*REQUIRED WORK:*
The listing below is to be copied in full, line by line.

*PROVIDED MATERIAL:*
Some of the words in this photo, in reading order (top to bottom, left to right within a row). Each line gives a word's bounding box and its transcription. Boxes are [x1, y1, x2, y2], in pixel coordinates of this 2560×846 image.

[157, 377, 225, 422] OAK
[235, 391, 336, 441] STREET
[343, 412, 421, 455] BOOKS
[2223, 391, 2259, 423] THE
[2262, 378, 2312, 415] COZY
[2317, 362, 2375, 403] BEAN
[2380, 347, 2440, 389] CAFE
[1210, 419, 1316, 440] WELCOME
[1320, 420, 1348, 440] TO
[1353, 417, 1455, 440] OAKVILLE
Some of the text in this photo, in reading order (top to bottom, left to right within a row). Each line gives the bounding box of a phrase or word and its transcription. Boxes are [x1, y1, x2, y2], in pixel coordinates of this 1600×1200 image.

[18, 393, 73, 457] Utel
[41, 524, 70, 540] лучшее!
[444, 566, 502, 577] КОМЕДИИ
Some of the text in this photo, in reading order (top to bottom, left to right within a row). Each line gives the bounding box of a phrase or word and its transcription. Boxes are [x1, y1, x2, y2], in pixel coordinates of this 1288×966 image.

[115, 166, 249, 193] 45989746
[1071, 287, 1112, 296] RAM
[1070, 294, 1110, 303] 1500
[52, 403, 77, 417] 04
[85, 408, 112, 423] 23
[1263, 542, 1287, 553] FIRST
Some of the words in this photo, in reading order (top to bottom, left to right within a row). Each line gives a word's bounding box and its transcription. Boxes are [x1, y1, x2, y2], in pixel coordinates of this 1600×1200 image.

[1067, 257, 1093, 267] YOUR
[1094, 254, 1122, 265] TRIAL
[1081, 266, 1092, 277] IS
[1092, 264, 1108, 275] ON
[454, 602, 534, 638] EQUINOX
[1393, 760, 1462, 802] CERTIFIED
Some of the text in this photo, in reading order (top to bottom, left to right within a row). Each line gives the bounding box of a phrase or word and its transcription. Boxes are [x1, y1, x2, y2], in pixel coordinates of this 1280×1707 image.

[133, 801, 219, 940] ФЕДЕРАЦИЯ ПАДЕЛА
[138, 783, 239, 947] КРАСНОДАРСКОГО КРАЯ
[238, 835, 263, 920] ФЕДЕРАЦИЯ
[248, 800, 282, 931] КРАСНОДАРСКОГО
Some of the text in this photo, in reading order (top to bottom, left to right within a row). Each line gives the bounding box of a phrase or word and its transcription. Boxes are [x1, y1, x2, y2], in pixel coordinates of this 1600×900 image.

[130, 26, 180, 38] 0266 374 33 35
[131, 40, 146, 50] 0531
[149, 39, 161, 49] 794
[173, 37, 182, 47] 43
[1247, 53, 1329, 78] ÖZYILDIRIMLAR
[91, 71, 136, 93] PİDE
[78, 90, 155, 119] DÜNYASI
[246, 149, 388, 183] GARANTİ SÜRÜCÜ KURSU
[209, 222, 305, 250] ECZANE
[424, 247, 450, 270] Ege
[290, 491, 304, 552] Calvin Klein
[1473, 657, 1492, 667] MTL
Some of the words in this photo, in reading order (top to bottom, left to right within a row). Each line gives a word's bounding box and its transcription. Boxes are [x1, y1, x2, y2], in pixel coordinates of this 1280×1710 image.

*SOLUTION:*
Some of the words in this photo, in reading order (top to bottom, left to right within a row). Each line gives a word's bounding box and its transcription. Boxes are [x1, y1, x2, y2], in pixel coordinates of this 2560×846 image.

[157, 377, 225, 422] OAK
[235, 391, 336, 441] STREET
[343, 412, 421, 455] BOOKS
[2223, 391, 2259, 423] THE
[2262, 378, 2312, 415] COZY
[2317, 362, 2375, 403] BEAN
[2380, 347, 2440, 389] CAFE
[1210, 419, 1316, 440] WELCOME
[1320, 420, 1348, 440] TO
[1353, 417, 1455, 440] OAKVILLE
Some of the text in this photo, in reading order (top to bottom, left to right within a row). Each line gives the bounding box of a phrase or word and its transcription. Boxes are [x1, y1, x2, y2], in pixel coordinates of this 1600×1200 image.

[18, 393, 73, 457] Utel
[41, 524, 70, 540] лучшее!
[444, 566, 502, 577] КОМЕДИИ
Some of the text in this photo, in reading order (top to bottom, left to right within a row). Each line gives the bounding box of a phrase or word and its transcription. Boxes are [x1, y1, x2, y2], in pixel coordinates of this 1288×966 image.

[115, 166, 249, 193] 45989746
[1071, 287, 1112, 296] RAM
[1070, 294, 1110, 303] 1500
[52, 403, 77, 417] 04
[85, 408, 112, 423] 23
[1263, 542, 1287, 553] FIRST
Some of the words in this photo, in reading order (top to bottom, left to right within a row). Each line gives a word's bounding box and its transcription. Boxes are [x1, y1, x2, y2], in pixel coordinates of this 1600×1200 image.

[1067, 257, 1093, 267] YOUR
[1094, 254, 1122, 265] TRIAL
[1081, 266, 1092, 277] IS
[1092, 264, 1108, 275] ON
[454, 602, 534, 638] EQUINOX
[1393, 760, 1462, 802] CERTIFIED
Some of the text in this photo, in reading order (top to bottom, left to right within a row). Each line gives the bounding box of a phrase or word and its transcription. Boxes are [x1, y1, x2, y2], in pixel coordinates of this 1280×1707 image.

[133, 801, 219, 940] ФЕДЕРАЦИЯ ПАДЕЛА
[138, 783, 239, 947] КРАСНОДАРСКОГО КРАЯ
[238, 835, 263, 920] ФЕДЕРАЦИЯ
[248, 800, 282, 931] КРАСНОДАРСКОГО
Some of the text in this photo, in reading order (top to bottom, left to right within a row). Each line gives the bounding box of a phrase or word and its transcription. Boxes are [x1, y1, x2, y2], in pixel coordinates of this 1600×900 image.

[130, 26, 180, 38] 0266 374 33 35
[131, 40, 146, 50] 0531
[149, 39, 161, 49] 794
[173, 37, 182, 47] 43
[1247, 53, 1329, 78] ÖZYILDIRIMLAR
[91, 71, 136, 93] PİDE
[78, 90, 155, 119] DÜNYASI
[246, 149, 388, 183] GARANTİ SÜRÜCÜ KURSU
[209, 222, 305, 250] ECZANE
[424, 247, 450, 270] Ege
[290, 491, 304, 552] Calvin Klein
[1473, 657, 1492, 667] MTL
Some of the words in this photo, in reading order (top to bottom, left to right within a row). Each line gives a word's bounding box and its transcription. Boxes are [x1, y1, x2, y2], in pixel coordinates of this 1280×1710 image.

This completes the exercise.